# Proof of Poisson Sum Formula

The Poisson sum formula was discovered by the French mathematician and physicist Siméon Denis Poisson. It has several applications in digital signal processing, among which our concern is the periodic summation of modulated pulses in digital communication systems.

Assume that $p(t)$ is a pulse shape (or any continuous-time function if you are not familiar with digital communications) and $P(f)$ is its Fourier Transform. The pulse is sampled at a rate of $f_s$ to produce its discrete version $p(nT_s)$ where $T_s=1/f_s$ is the duration between two samples. The Poisson summation formula relates these two quantities as

\label{equation-poisson-sum-formula}
\frac{1}{T_s}\sum _{k=-\infty}^{\infty} P\left(f+\frac{k}{T_s}\right) = \sum_{n=-\infty}^{\infty}p(nT_s)e^{-j2\pi fnT_s}

The easiest proof of this equation comes from writing the mathematical expression of the sampling process which transforms the continuous-time pulse shape $p(t)$ into a discrete-time sequence $p(nT_s).$ Sampling a signal at intervals of $T_s$ seconds is represented as its multiplication with a sequence of unit impulses $\delta (t)$, which is known as an impulse train.

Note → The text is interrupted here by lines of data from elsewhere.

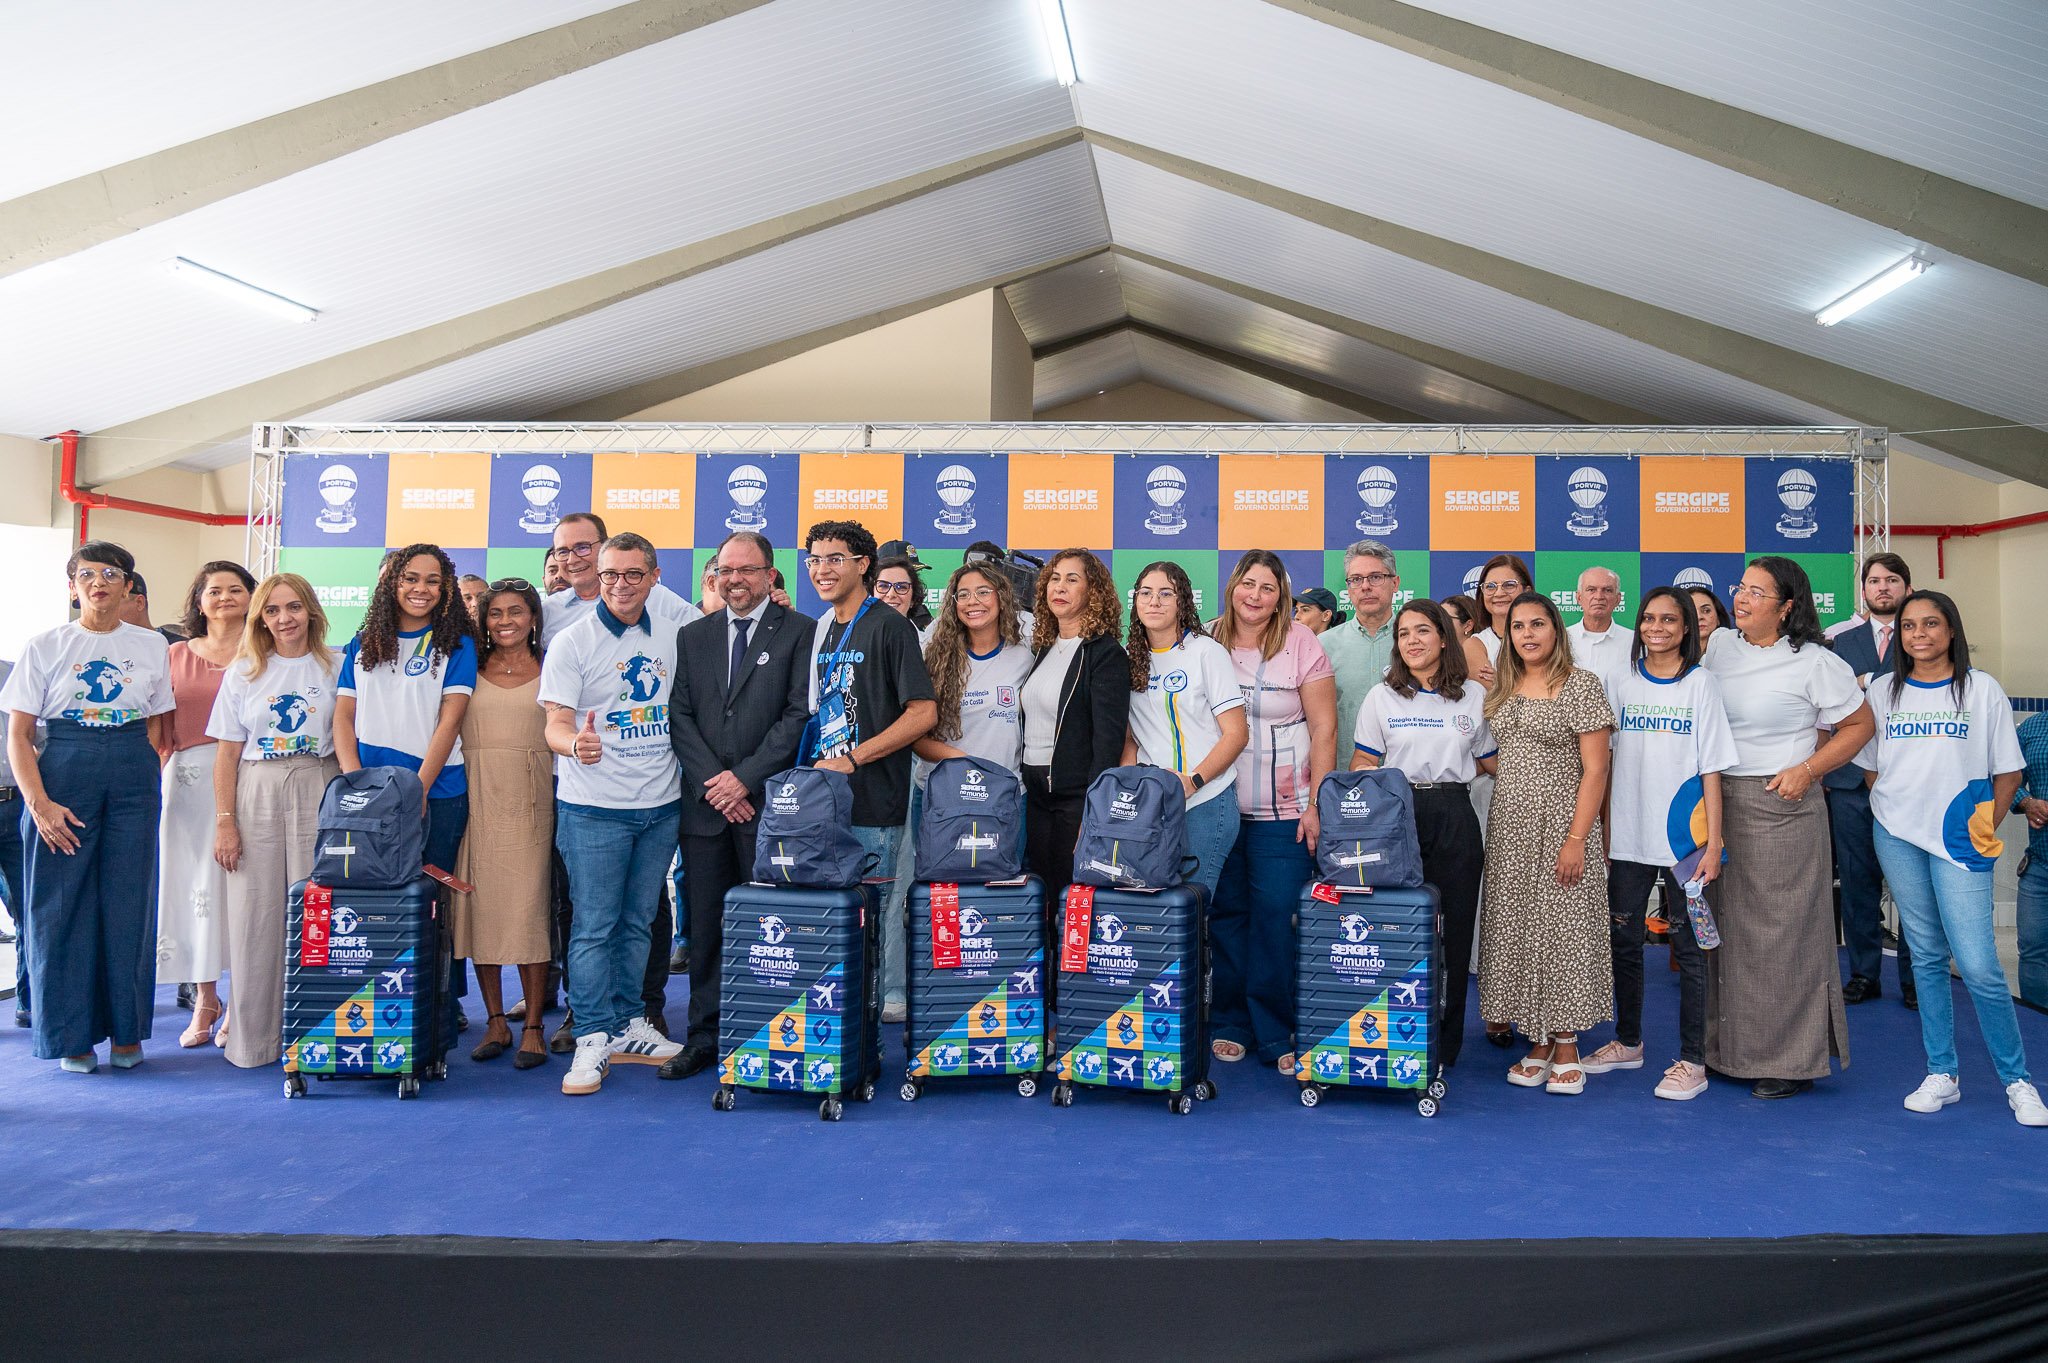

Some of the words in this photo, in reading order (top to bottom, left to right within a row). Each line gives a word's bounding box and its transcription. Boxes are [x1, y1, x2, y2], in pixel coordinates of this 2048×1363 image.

[326, 480, 351, 488] PORVIR
[402, 489, 475, 502] SERGIPE
[606, 489, 680, 502] SERGIPE
[814, 490, 888, 503] SERGIPE
[1024, 490, 1098, 503] SERGIPE
[1234, 490, 1309, 503] SERGIPE
[1445, 491, 1519, 504] SERGIPE
[1655, 492, 1729, 506] SERGIPE
[312, 586, 369, 600] ERGIPE
[606, 704, 669, 727] SERGIP
[1626, 704, 1693, 718] ESTUDANTE
[1890, 711, 1970, 722] ESTUDANTE
[1624, 716, 1692, 732] MONITOR
[1890, 722, 1969, 736] MONITOR
[328, 936, 367, 947] ERGIPE
[960, 938, 992, 948] RGIPE
[332, 948, 373, 958] mundo
[750, 945, 794, 958] SERGIPE
[960, 949, 998, 960] mundo
[1088, 944, 1132, 956] SERGIPE
[1331, 944, 1379, 956] SERGIPE
[761, 959, 800, 970] mundo
[1100, 957, 1138, 969] mundo
[1343, 957, 1385, 968] mundo

Therefore, the starting point is an intermediate signal $x(t)$ given by
\label{equation-x-intermediate}
x(t) = p(t) \sum _{n=-\infty}^{\infty} \delta(t-nT_s)

From this expression, we can derive both the left and right hand sides of Eq (\ref{equation-poisson-sum-formula}).

• RHS: Applying the definition of Fourier Transform to $x(t)$ in Eq (\ref{equation-x-intermediate}) above, we get
$X(f) = \int _{-\infty}^{\infty} x(t) e^{-j2\pi ft}dt = \int _{-\infty}^{\infty} p(t) \sum _{n=-\infty}^{\infty} \delta(t-nT_s) e^{-j2\pi ft}dt$

Owing to linearity of Fourier Transform, we can interchange the order of integration and summation.
$X(f) = \sum _{n=-\infty}^{\infty} \int _{-\infty}^{\infty} p(t) \delta(t-nT_s) e^{-j2\pi ft}dt$

Since these unit impulses only exist at locations $t=nT_s$ and nowhere else and the area under each such impulse is $\int _{-\infty}^{\infty}\delta(t)=1$, we can write
$X(f) = \sum _{n=-\infty}^{\infty} p(nT_s) e^{-j2\pi fnT_s}dt$

This operation is known as the sifting property of the unit impulse. We have arrived at the RHS of the Poisson sum formula in Eq (\ref{equation-poisson-sum-formula}).

• LHS: Trace the following steps to derive the LHS. Notice that Eq (\ref{equation-x-intermediate}) is a multiplication between $p(t)$ and an impulse train $\sum _{n=-\infty}^{\infty} \delta(t-nT_s)$.
1. Fourier Transform of a time domain impulse train is another impulse train in frequency domain given by
$\sum _{n=-\infty}^{\infty} \delta(t-nT_s) \quad \leftrightarrow \quad \frac{1}{T_s}\sum _{k=-\infty}^{\infty} \delta\left(f-\frac{k}{T_s}\right)$

2. Multiplication of two operations in time domain is their convolution in frequency domain.
3. As a consequence, we can write the Fourier Transform $X(f)$ as
$X(f) = P(f) * \frac{1}{T_s}\sum _{k=-\infty}^{\infty} \delta\left(f-\frac{k}{T_s}\right)$

Since convolution of a signal with a unit impulse $\delta(f-f_0)$ is the same signal shifted at $f_0$, we get
$X(f) = \frac{1}{T_s}\sum _{k=-\infty}^{\infty} P\left(f-\frac{k}{T_s}\right)$

A plus or minus sign with the index term $k/T_s$ simply returns the same summation. Hence, we have arrived at the LHS in Eq (\ref{equation-poisson-sum-formula}).

This completes the proof of the Poisson sum formula.